所以在API本身並沒有找到適合的方法，就只能自行實現了。

取得索引

要替換內容，首先得知道需要替換的原內容的位置索引，然而這個索引位置從哪來？Matcher是怎麼用group(n)截取的字符串？

		String hex = "00 00 00 01 00 01";
		String regex = "[0-9a-zA-Z\\s]{6}[0-9a-zA-Z]{2}\\s([0-9a-zA-Z]{2})\\s[0-9a-zA-Z]{2}\\s([0-9a-zA-Z]{2})";

		Pattern pattern = Pattern.compile(regex);
		Matcher matcher = pattern.matcher(hex);
		if (matcher.matches()) {
			int count = matcher.groupCount();
			for (int i = 1; i <= count; i++) {
				System.out.println(matcher.group(i));
			}
		}

輸出：

01
01

不要問，問就是group(n)必有蹊蹺；

    public String group(int group) {
        if (first < 0)
            throw new IllegalStateException("No match found");
        if (group < 0 || group > groupCount())
            throw new IndexOutOfBoundsException("No group " + group);
        if ((groups[group*2] == -1) || (groups[group*2+1] == -1))
            return null;
        return getSubSequence(groups[group * 2], groups[group * 2 + 1]).toString();
    }

    CharSequence getSubSequence(int beginIndex, int endIndex) {
        return text.subSequence(beginIndex, endIndex);
    }

group內部也是在截取字符串，groups數組是什麼東西？爲何使用group*2就可以取到？

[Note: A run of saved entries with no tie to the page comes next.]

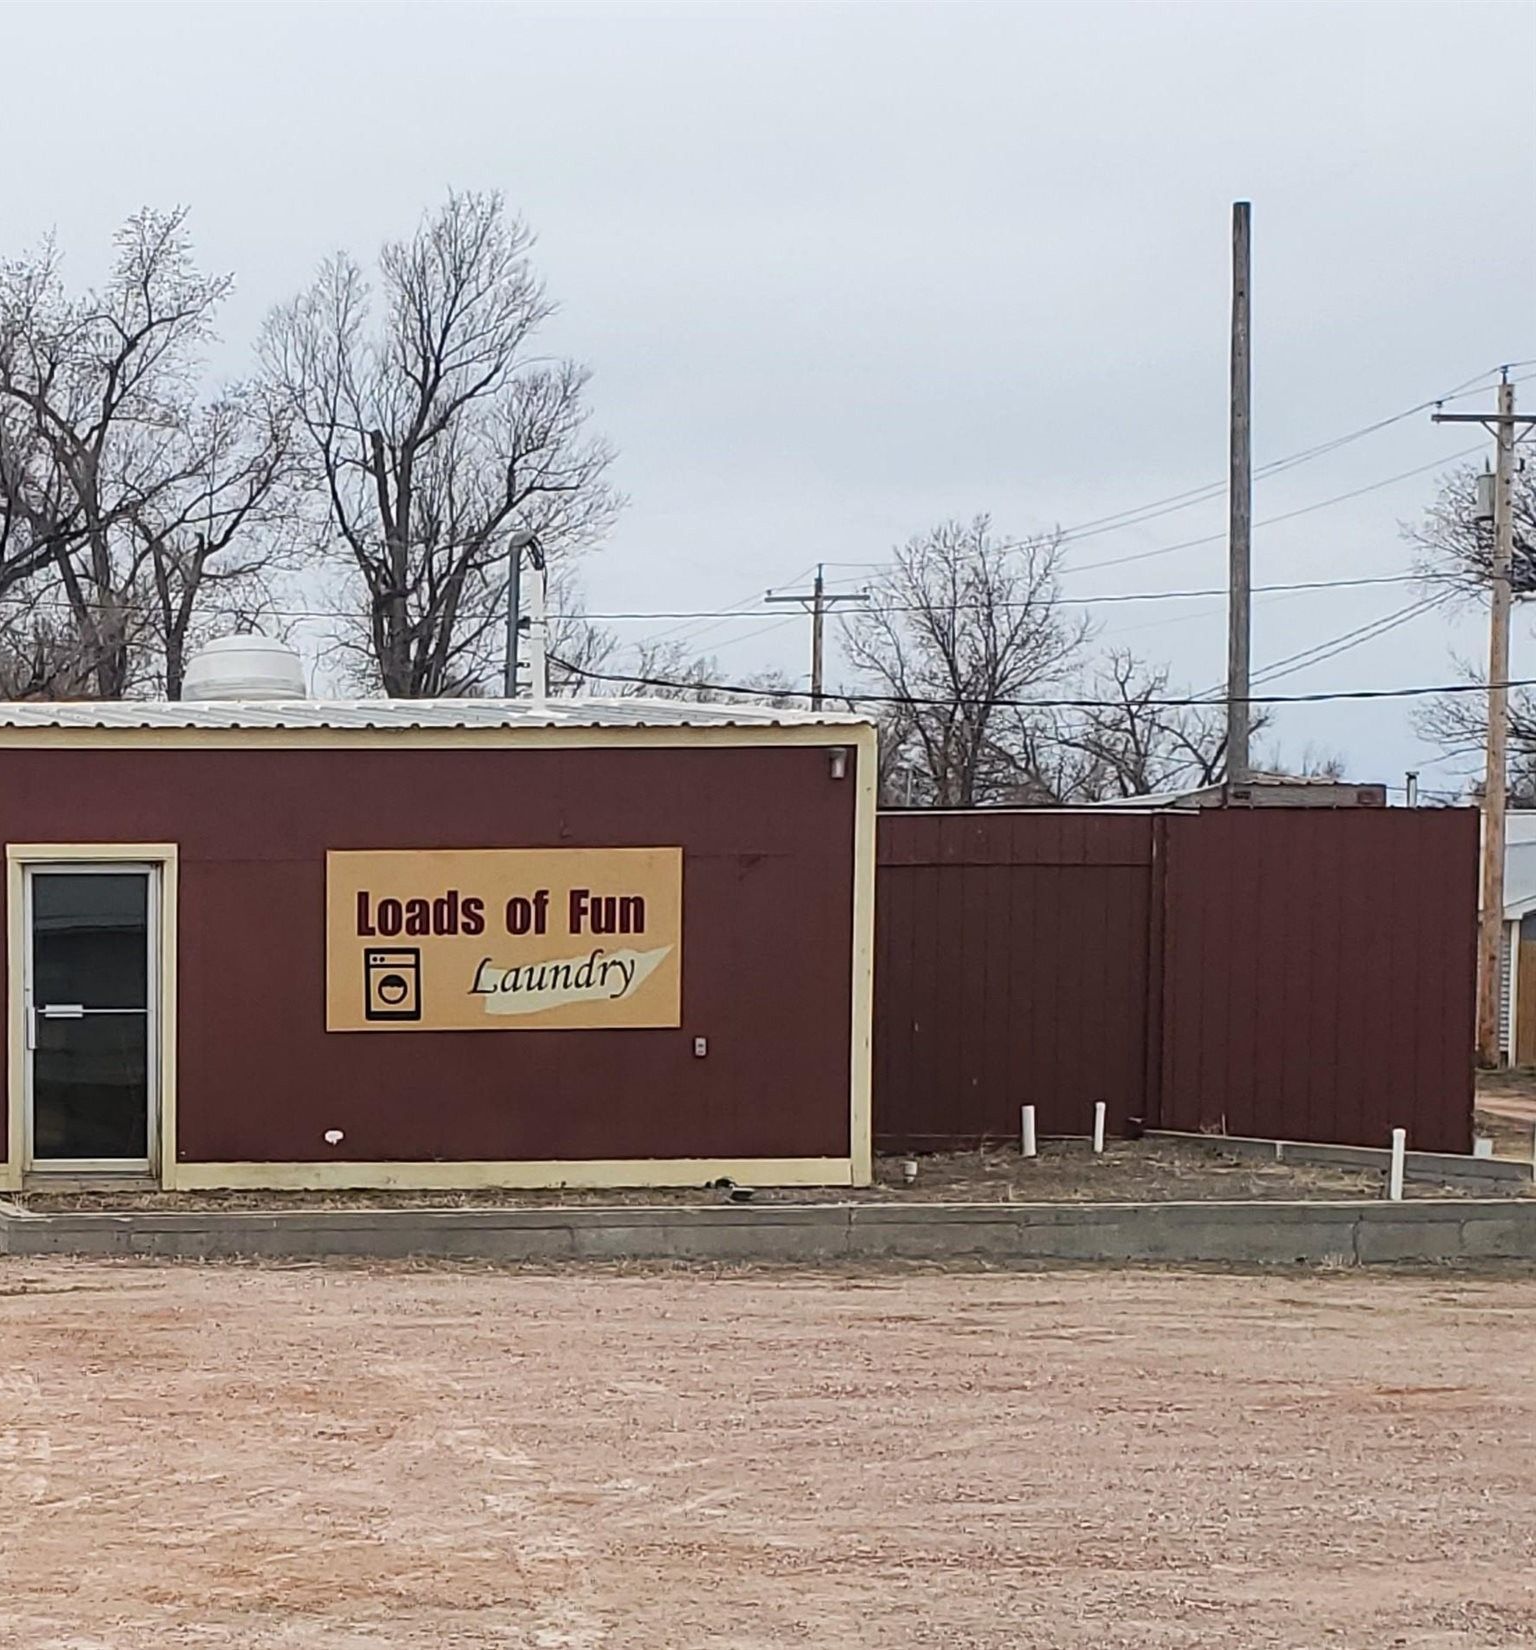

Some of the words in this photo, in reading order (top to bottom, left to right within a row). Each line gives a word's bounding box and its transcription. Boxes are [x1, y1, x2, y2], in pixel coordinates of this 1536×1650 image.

[356, 890, 486, 937] Loads
[506, 889, 549, 936] of
[569, 889, 646, 935] Fun
[467, 948, 636, 999] Laundry
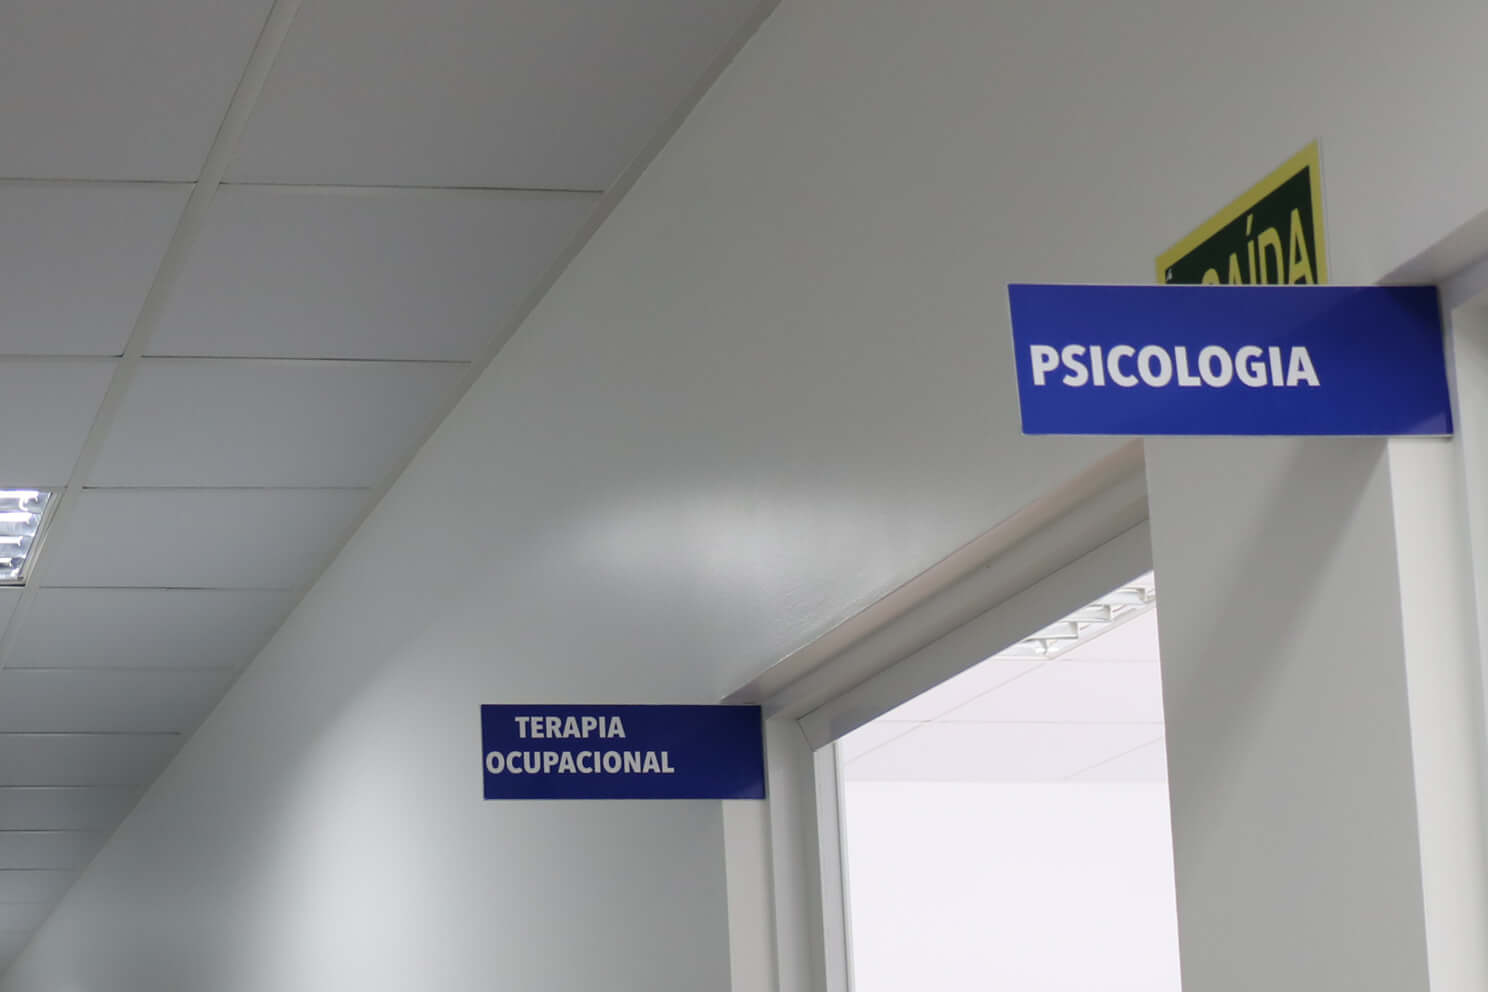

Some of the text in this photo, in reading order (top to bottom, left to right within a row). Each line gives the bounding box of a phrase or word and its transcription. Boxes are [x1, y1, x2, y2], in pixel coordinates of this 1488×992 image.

public final class Matcher implements MatchResult {

    /**
     * The storage used by groups. They may contain invalid values if
     * a group was skipped during the matching.
     */
    int[] groups;

	...//略
}

這是個不對外的屬性，也沒有get方法或其他方法能取得，只好試一下反射；

	/**
	 * 反射得到group所在索引
	 *
	 * @param clazz           Matcher類
	 * @param matcherInstance Matcher實例
	 * @return 索引數組
	 */
	public static int[] getOffsets(Class<Matcher> clazz, Object matcherInstance) {
		try {
			Field field = clazz.getDeclaredField("groups");
			field.setAccessible(true);

			return (int[]) field.get(matcherInstance);
		} catch (NoSuchFieldException | IllegalAccessException e) {
			e.printStackTrace();
		}
		return null;
	}

來測試一下：

		Pattern pattern = Pattern.compile(regex);
		Matcher matcher = pattern.matcher(hex);
		matcher.matches();

		System.out.println(Arrays.toString(getOffsets(Matcher.class,matcher)));

輸出：

[0, 17, 9, 11, 15, 17, -1, -1, -1, -1, -1, -1, -1, -1, -1, -1, -1, -1, -1, -1]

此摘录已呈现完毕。